4:00pm	Modern Nonlinear Embedding Methods Unpacked: Empowering Biological Discoveries with Statistical Insights
	Rong Ma (Harvard)
	Learning and representing low-dimensional structures from noisy, high-dimensional data is a cornerstone of modern biomedical data science. Stochastic neighbor embedding algorithms, a family of nonlinear dimensionality reduction and data visualization methods, with t-SNE and UMAP as two leading examples, have become especially influential in recent years, particularly in single-cell analysis. Yet despite their popularity, these methods remain subject to points of debate, including limited theoretical understanding, ambiguous interpretations, and sensitivity to tuning parameters. In this talk, I will present our recent efforts to decipher and improve these nonlinear embedding approaches. Our key results include a rigorous theoretical framework that uncovers the intrinsic mechanisms, large-sample limits, and fundamental principles underlying these algorithms; a set of theory-informed practical guidelines for their principled use in trustworthy biological discovery; and a collection of new algorithms that address current limitations and improve performance in areas such as bias reduction and stability. Throughout the talk, I will highlight how these advances not only deepen our statistical understanding but also open new avenues for biological insight.

4:30pm	TBA
	Salman Khan (MBZUAI)
	TBA

5:00pm	Robustifying Generative AI for Human Genetics
	Ahmad Abdel-Azim (Harvard)
	Generative AI has transformed content generation, and its promise for biomedicine is compelling. Genomic sequencing remains costly and scarce relative to phenotyping, and privacy restrictions further limit access. We introduce a scalable pipeline for the generation of high-fidelity genomes, building on the latent diffusion model architecture (e.g. Stable Diffusion). Genotypes are efficiently embedded in a regularized, informative latent space where a conditional diffusion model is subsequently trained; this enables the generation of high-fidelity genetic data, where fidelity is assessed with genomics-specific diagnostics. Practically, sampling from the learned genomic distribution provides “data on demand"; millions of high-fidelity genomes can be generated to power variant discovery, fine-mapping, and other analyses, hence facilitating more rapid discovery.
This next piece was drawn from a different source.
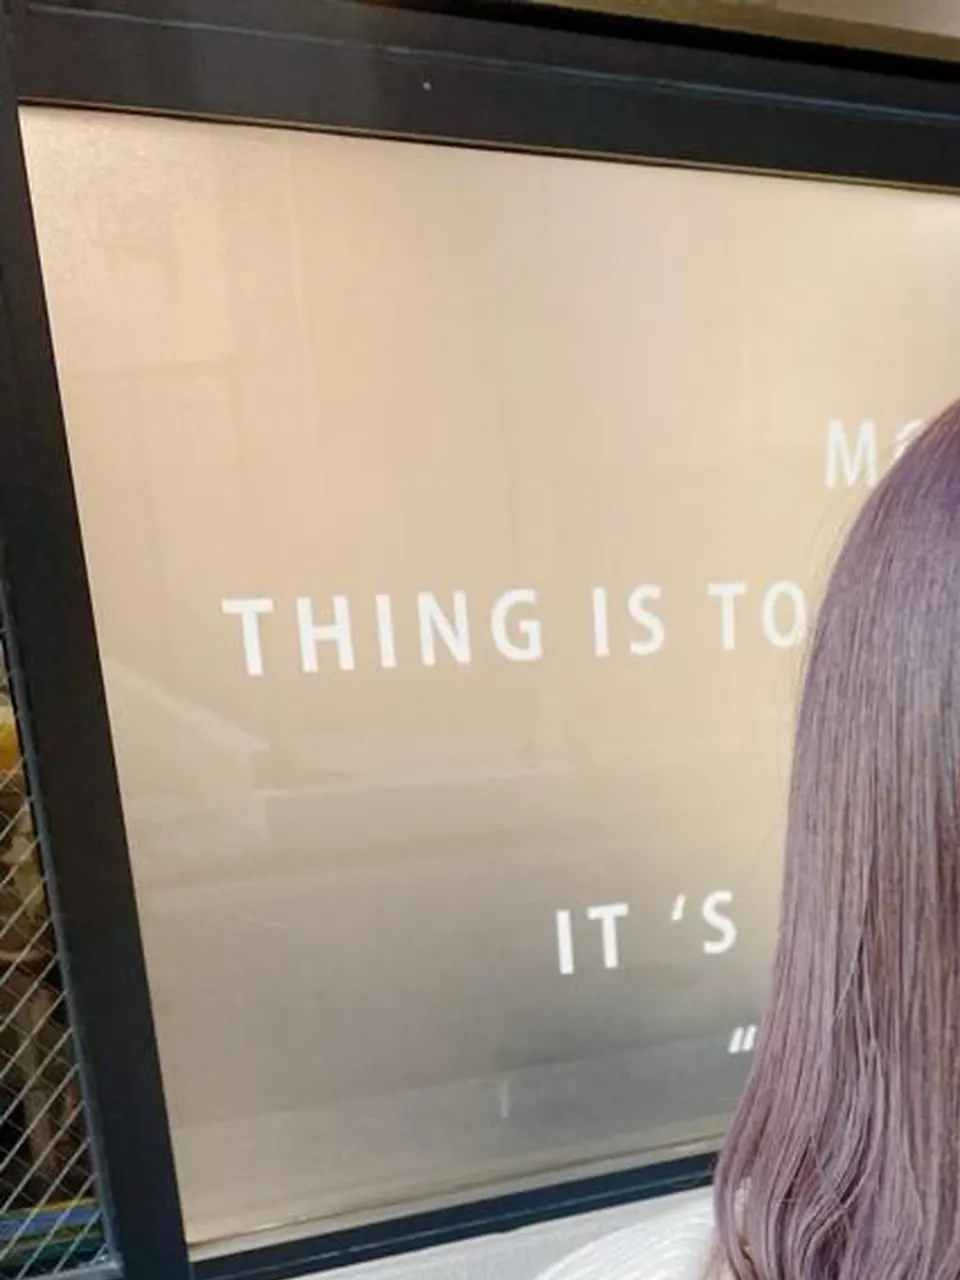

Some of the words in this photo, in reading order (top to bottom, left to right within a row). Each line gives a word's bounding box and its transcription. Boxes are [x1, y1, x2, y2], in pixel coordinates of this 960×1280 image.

[221, 590, 542, 676] THING
[592, 584, 666, 658] IS
[707, 580, 808, 650] TO
Nevertheless, the challenge is not only the generative modeling of genomes, but how to use the generated data without corrupting downstream inference procedures and inducing bias. We introduce a synthetic augmentation framework that is robust to misspecification of the data generative models. Our proposed framework is guaranteed to be more efficient than standard estimation procedures based solely on the observed data, even when the generators are imperfect. Applied in simulations and the UK Biobank, the approach delivers higher-powered genetic analyses. More broadly, we establish a general framework for robust inference with generative modeling, extensible to other modalities, which can accelerate discovery while reducing data-collection costs and privacy risks.